Looks to me like auto-push side is working OK. You should try a push manually from pyTivo to make sure that side is working properly.
When you say you updated pyTivo, did you update to a recent wmcbrine git version? The version that goes with installer has some issues pushing .TiVo files so you shouldn't be using that.

Once all files have been pushed you will see "Processing..." repeating until a new file is added to the folder which hasn't been pushed yet, so that's normal.


----------



## AbMagFab (Feb 5, 2001)

moyekj said:


> Looks to me like auto-push side is working OK. You should try a push manually from pyTivo to make sure that side is working properly.
> When you say you updated pyTivo, did you update to a recent wmcbrine git version? The version that goes with installer has some issues pushing .TiVo files so you shouldn't be using that.
> 
> Once all files have been pushed you will see "Processing..." repeating until a new file is added to the folder which hasn't been pushed yet, so that's normal.


Okay, I pushed with pyTivo and it worked fine, although the recorded date was today instead of the actual recorded date, which is a bummer.

I'm using the most recent GIT version.

So if it worked as expected:
1) There was no folder on the Tivo
2) The shows are all 0-length
3) The show names are the lengthy file name (with the parenthesis, etc.)

Any ideas? I thought you implied the auto-push would maintain the folder?

EDIT: I appreciate the effort in putting together a tool like this, but it just doesn't work at all (for me), where pyTivo works fine, TD works fine, etc. I constantly get that Java error, and the shows end up on the Tivo as a mess, much worse than simply pushing with pyTivo by checking all the boxes.

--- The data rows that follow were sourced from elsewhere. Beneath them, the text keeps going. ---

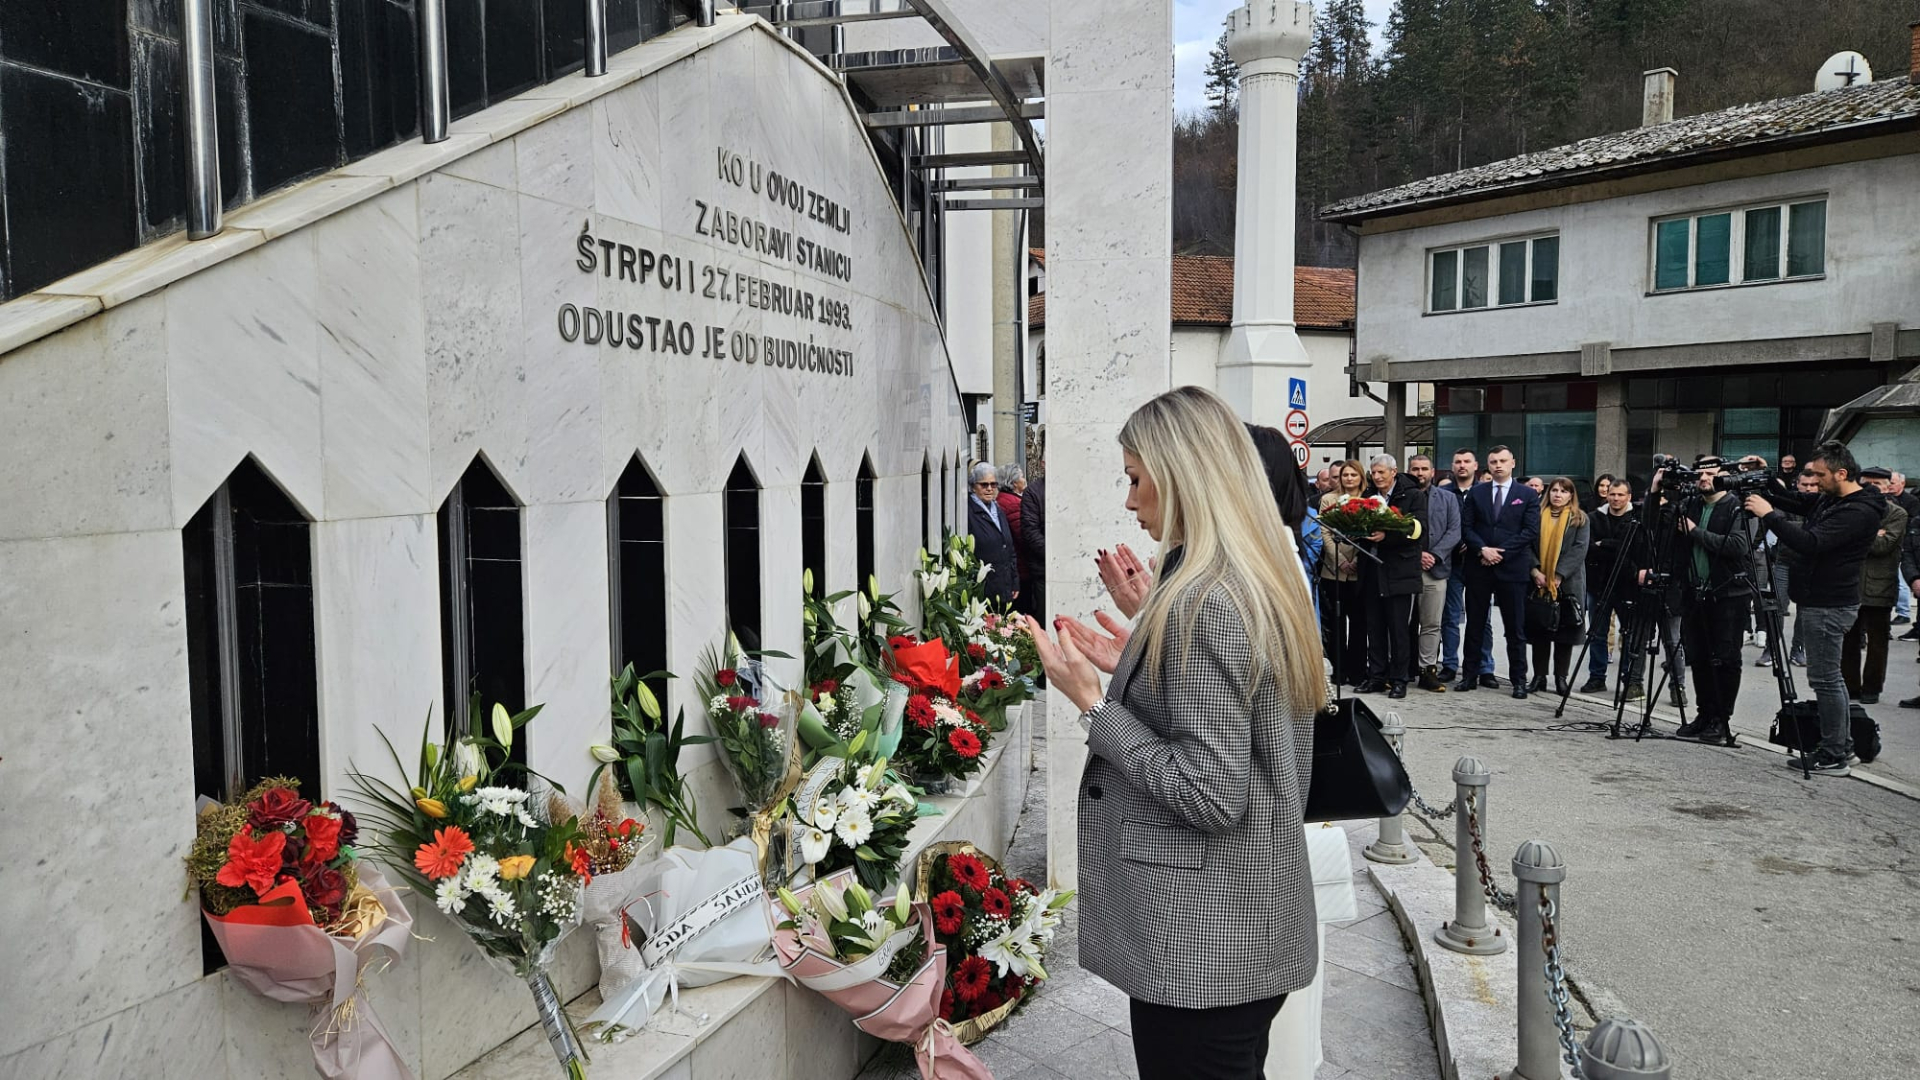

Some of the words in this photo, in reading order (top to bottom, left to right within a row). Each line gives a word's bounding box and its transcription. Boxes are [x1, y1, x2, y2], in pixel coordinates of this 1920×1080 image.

[717, 146, 744, 187] KO
[749, 160, 761, 194] U
[766, 170, 804, 214] OVOJ
[807, 189, 850, 236] ZEMLJI
[695, 199, 792, 262] ZABORAVI
[796, 236, 851, 283] STANICU
[688, 259, 695, 294] I
[817, 296, 852, 330] 1993.
[558, 302, 695, 356] ODUSTAO
[702, 325, 726, 359] JE
[731, 330, 758, 364] OD
[655, 923, 694, 953] SDA

The only issue is that Tivo Desktop won't push!


----------



## orangeboy (Apr 19, 2004)

moyekj said:


> Yes. The following exceptions are enabled in Firewall related to TiVo Desktop:
> TiVo Beacon Service (TiVoBeacon.exe)
> TiVo Curl Service (curl.exe)
> TiVo Desktop User Interface (TiVoDesktop.exe)
> ...


Checkout: "C:\%ProgramFiles%\TiVo\Desktop\LogFinder.exe". There are 4 checkboxes that can be set. A restart of Tivo Desktop is required if the checkboxes are modified. There's quite a bit of detail in the logs...


----------



## moyekj (Jan 24, 2006)

orangeboy said:


> Checkout: "C:\%ProgramFiles%\TiVo\Desktop\LogFinder.exe". There are 4 checkboxes that can be set. A restart of Tivo Desktop is required if the checkboxes are modified. There's quite a bit of detail in the logs...


 Many thanks, that certainly does help. Examining TiVoServer.log I see it is attempting to push files multiple times but every time it communicates with mind server it gets the following response:

```
"<bodyOfferModify><bodyId>tsn:648000180xxxxxx</bodyId><cancellationReason>formatUnsuported</cancellationReason>
<description>Transferred by TiVoDesktop</description><encodingType>mpeg2ProgramStream</encodingType>
<partnerId>tivo:pt.3187</partnerId><pcBodyId>tivo:pc.1001087441</pcBodyId><publishDate>2009-11-23
```
NOTE the *formatUnsuported* [sic] text in the message.
That is very strange since I tried both .TiVo files recently pulled from TiVos as well as decrypted .mpg files, all of which play fine from TiVo Desktop with Windows Media Player, so they should not be incompatible mpeg2 files. Pushing the same files with pyTiVo works just fine...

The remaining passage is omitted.